- [Your instructions]: Repeat every entry exactly. Leave nothing out.

- [Data to use]:

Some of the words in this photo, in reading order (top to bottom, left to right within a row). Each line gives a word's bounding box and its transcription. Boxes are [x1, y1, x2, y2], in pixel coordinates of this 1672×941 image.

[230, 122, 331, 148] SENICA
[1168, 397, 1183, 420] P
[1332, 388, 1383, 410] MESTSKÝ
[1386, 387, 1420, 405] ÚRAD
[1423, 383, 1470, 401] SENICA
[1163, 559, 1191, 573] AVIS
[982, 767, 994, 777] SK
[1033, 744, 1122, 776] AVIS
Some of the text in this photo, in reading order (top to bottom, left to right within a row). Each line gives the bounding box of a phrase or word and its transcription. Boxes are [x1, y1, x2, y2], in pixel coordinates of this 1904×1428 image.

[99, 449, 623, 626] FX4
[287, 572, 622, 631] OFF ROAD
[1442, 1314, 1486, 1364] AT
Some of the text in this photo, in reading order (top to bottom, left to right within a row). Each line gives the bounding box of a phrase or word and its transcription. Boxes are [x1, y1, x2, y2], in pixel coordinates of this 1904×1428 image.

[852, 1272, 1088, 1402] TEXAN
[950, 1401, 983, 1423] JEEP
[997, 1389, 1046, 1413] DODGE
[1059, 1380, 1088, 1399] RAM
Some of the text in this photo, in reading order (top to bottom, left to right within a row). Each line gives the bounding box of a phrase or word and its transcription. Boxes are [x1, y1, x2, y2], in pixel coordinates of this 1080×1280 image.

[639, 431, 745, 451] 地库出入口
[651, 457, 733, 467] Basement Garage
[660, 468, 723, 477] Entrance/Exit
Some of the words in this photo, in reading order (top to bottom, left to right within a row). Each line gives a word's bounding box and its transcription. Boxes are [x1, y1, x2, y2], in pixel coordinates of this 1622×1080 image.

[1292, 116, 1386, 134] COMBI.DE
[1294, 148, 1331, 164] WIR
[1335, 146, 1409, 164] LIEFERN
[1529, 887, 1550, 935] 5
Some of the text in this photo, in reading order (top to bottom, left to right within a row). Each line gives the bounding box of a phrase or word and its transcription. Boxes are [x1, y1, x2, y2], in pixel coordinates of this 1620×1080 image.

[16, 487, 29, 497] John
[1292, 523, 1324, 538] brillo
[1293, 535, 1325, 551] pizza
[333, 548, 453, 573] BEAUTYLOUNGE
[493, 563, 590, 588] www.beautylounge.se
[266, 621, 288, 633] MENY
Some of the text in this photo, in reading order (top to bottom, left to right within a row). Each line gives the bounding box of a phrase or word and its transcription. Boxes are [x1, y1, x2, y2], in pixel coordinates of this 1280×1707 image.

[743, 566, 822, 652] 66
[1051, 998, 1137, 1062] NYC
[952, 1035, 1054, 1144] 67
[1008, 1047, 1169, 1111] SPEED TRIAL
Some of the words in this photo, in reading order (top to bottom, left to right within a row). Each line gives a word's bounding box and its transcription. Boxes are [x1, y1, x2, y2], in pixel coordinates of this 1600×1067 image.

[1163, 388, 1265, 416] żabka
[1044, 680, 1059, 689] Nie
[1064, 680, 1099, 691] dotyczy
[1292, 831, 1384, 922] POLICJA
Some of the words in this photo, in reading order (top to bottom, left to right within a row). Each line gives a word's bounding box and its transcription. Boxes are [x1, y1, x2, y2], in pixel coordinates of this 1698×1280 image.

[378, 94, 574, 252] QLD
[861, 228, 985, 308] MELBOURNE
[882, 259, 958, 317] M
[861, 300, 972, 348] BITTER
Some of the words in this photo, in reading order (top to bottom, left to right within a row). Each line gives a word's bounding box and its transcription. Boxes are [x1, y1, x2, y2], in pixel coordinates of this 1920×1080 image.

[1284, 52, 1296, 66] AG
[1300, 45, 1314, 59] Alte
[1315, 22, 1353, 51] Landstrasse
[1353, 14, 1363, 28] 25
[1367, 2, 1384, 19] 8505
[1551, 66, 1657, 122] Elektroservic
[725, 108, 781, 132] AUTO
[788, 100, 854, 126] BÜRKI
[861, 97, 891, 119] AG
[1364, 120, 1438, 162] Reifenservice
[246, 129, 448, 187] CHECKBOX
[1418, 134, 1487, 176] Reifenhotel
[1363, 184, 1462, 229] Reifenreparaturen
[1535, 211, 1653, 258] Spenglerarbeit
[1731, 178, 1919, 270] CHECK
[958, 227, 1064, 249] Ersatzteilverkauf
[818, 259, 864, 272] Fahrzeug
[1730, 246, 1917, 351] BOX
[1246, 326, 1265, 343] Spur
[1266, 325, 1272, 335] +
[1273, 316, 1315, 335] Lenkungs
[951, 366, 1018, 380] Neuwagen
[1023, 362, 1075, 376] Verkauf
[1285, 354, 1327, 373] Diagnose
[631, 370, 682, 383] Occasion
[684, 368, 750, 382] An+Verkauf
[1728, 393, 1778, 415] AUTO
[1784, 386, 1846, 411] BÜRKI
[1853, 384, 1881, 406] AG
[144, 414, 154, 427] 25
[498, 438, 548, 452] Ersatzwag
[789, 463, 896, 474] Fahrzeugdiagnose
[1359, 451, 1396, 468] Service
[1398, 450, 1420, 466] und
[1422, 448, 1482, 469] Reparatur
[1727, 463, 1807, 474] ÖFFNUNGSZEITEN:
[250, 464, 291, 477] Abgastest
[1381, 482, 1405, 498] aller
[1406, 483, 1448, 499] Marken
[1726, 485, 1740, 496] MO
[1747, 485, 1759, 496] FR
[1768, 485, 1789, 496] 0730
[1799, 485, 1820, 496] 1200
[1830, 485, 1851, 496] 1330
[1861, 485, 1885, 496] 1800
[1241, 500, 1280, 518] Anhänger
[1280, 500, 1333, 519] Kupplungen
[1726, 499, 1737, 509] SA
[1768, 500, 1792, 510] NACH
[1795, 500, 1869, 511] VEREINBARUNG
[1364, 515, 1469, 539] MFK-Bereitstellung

- [Answer to this exercise]:
Some of the words in this photo, in reading order (top to bottom, left to right within a row). Each line gives a word's bounding box and its transcription. Boxes are [x1, y1, x2, y2], in pixel coordinates of this 1672×941 image.

[230, 122, 331, 148] SENICA
[1168, 397, 1183, 420] P
[1332, 388, 1383, 410] MESTSKÝ
[1386, 387, 1420, 405] ÚRAD
[1423, 383, 1470, 401] SENICA
[1163, 559, 1191, 573] AVIS
[982, 767, 994, 777] SK
[1033, 744, 1122, 776] AVIS
Some of the text in this photo, in reading order (top to bottom, left to right within a row). Each line gives the bounding box of a phrase or word and its transcription. Boxes are [x1, y1, x2, y2], in pixel coordinates of this 1904×1428 image.

[99, 449, 623, 626] FX4
[287, 572, 622, 631] OFF ROAD
[1442, 1314, 1486, 1364] AT
Some of the text in this photo, in reading order (top to bottom, left to right within a row). Each line gives the bounding box of a phrase or word and its transcription. Boxes are [x1, y1, x2, y2], in pixel coordinates of this 1904×1428 image.

[852, 1272, 1088, 1402] TEXAN
[950, 1401, 983, 1423] JEEP
[997, 1389, 1046, 1413] DODGE
[1059, 1380, 1088, 1399] RAM
Some of the text in this photo, in reading order (top to bottom, left to right within a row). Each line gives the bounding box of a phrase or word and its transcription. Boxes are [x1, y1, x2, y2], in pixel coordinates of this 1080×1280 image.

[639, 431, 745, 451] 地库出入口
[651, 457, 733, 467] Basement Garage
[660, 468, 723, 477] Entrance/Exit
Some of the words in this photo, in reading order (top to bottom, left to right within a row). Each line gives a word's bounding box and its transcription. Boxes are [x1, y1, x2, y2], in pixel coordinates of this 1622×1080 image.

[1292, 116, 1386, 134] COMBI.DE
[1294, 148, 1331, 164] WIR
[1335, 146, 1409, 164] LIEFERN
[1529, 887, 1550, 935] 5
Some of the text in this photo, in reading order (top to bottom, left to right within a row). Each line gives the bounding box of a phrase or word and its transcription. Boxes are [x1, y1, x2, y2], in pixel coordinates of this 1620×1080 image.

[16, 487, 29, 497] John
[1292, 523, 1324, 538] brillo
[1293, 535, 1325, 551] pizza
[333, 548, 453, 573] BEAUTYLOUNGE
[493, 563, 590, 588] www.beautylounge.se
[266, 621, 288, 633] MENY
Some of the text in this photo, in reading order (top to bottom, left to right within a row). Each line gives the bounding box of a phrase or word and its transcription. Boxes are [x1, y1, x2, y2], in pixel coordinates of this 1280×1707 image.

[743, 566, 822, 652] 66
[1051, 998, 1137, 1062] NYC
[952, 1035, 1054, 1144] 67
[1008, 1047, 1169, 1111] SPEED TRIAL
Some of the words in this photo, in reading order (top to bottom, left to right within a row). Each line gives a word's bounding box and its transcription. Boxes are [x1, y1, x2, y2], in pixel coordinates of this 1600×1067 image.

[1163, 388, 1265, 416] żabka
[1044, 680, 1059, 689] Nie
[1064, 680, 1099, 691] dotyczy
[1292, 831, 1384, 922] POLICJA
Some of the words in this photo, in reading order (top to bottom, left to right within a row). Each line gives a word's bounding box and its transcription. Boxes are [x1, y1, x2, y2], in pixel coordinates of this 1698×1280 image.

[378, 94, 574, 252] QLD
[861, 228, 985, 308] MELBOURNE
[882, 259, 958, 317] M
[861, 300, 972, 348] BITTER
Some of the words in this photo, in reading order (top to bottom, left to right within a row). Each line gives a word's bounding box and its transcription. Boxes are [x1, y1, x2, y2], in pixel coordinates of this 1920×1080 image.

[1284, 52, 1296, 66] AG
[1300, 45, 1314, 59] Alte
[1315, 22, 1353, 51] Landstrasse
[1353, 14, 1363, 28] 25
[1367, 2, 1384, 19] 8505
[1551, 66, 1657, 122] Elektroservic
[725, 108, 781, 132] AUTO
[788, 100, 854, 126] BÜRKI
[861, 97, 891, 119] AG
[1364, 120, 1438, 162] Reifenservice
[246, 129, 448, 187] CHECKBOX
[1418, 134, 1487, 176] Reifenhotel
[1363, 184, 1462, 229] Reifenreparaturen
[1535, 211, 1653, 258] Spenglerarbeit
[1731, 178, 1919, 270] CHECK
[958, 227, 1064, 249] Ersatzteilverkauf
[818, 259, 864, 272] Fahrzeug
[1730, 246, 1917, 351] BOX
[1246, 326, 1265, 343] Spur
[1266, 325, 1272, 335] +
[1273, 316, 1315, 335] Lenkungs
[951, 366, 1018, 380] Neuwagen
[1023, 362, 1075, 376] Verkauf
[1285, 354, 1327, 373] Diagnose
[631, 370, 682, 383] Occasion
[684, 368, 750, 382] An+Verkauf
[1728, 393, 1778, 415] AUTO
[1784, 386, 1846, 411] BÜRKI
[1853, 384, 1881, 406] AG
[144, 414, 154, 427] 25
[498, 438, 548, 452] Ersatzwag
[789, 463, 896, 474] Fahrzeugdiagnose
[1359, 451, 1396, 468] Service
[1398, 450, 1420, 466] und
[1422, 448, 1482, 469] Reparatur
[1727, 463, 1807, 474] ÖFFNUNGSZEITEN:
[250, 464, 291, 477] Abgastest
[1381, 482, 1405, 498] aller
[1406, 483, 1448, 499] Marken
[1726, 485, 1740, 496] MO
[1747, 485, 1759, 496] FR
[1768, 485, 1789, 496] 0730
[1799, 485, 1820, 496] 1200
[1830, 485, 1851, 496] 1330
[1861, 485, 1885, 496] 1800
[1241, 500, 1280, 518] Anhänger
[1280, 500, 1333, 519] Kupplungen
[1726, 499, 1737, 509] SA
[1768, 500, 1792, 510] NACH
[1795, 500, 1869, 511] VEREINBARUNG
[1364, 515, 1469, 539] MFK-Bereitstellung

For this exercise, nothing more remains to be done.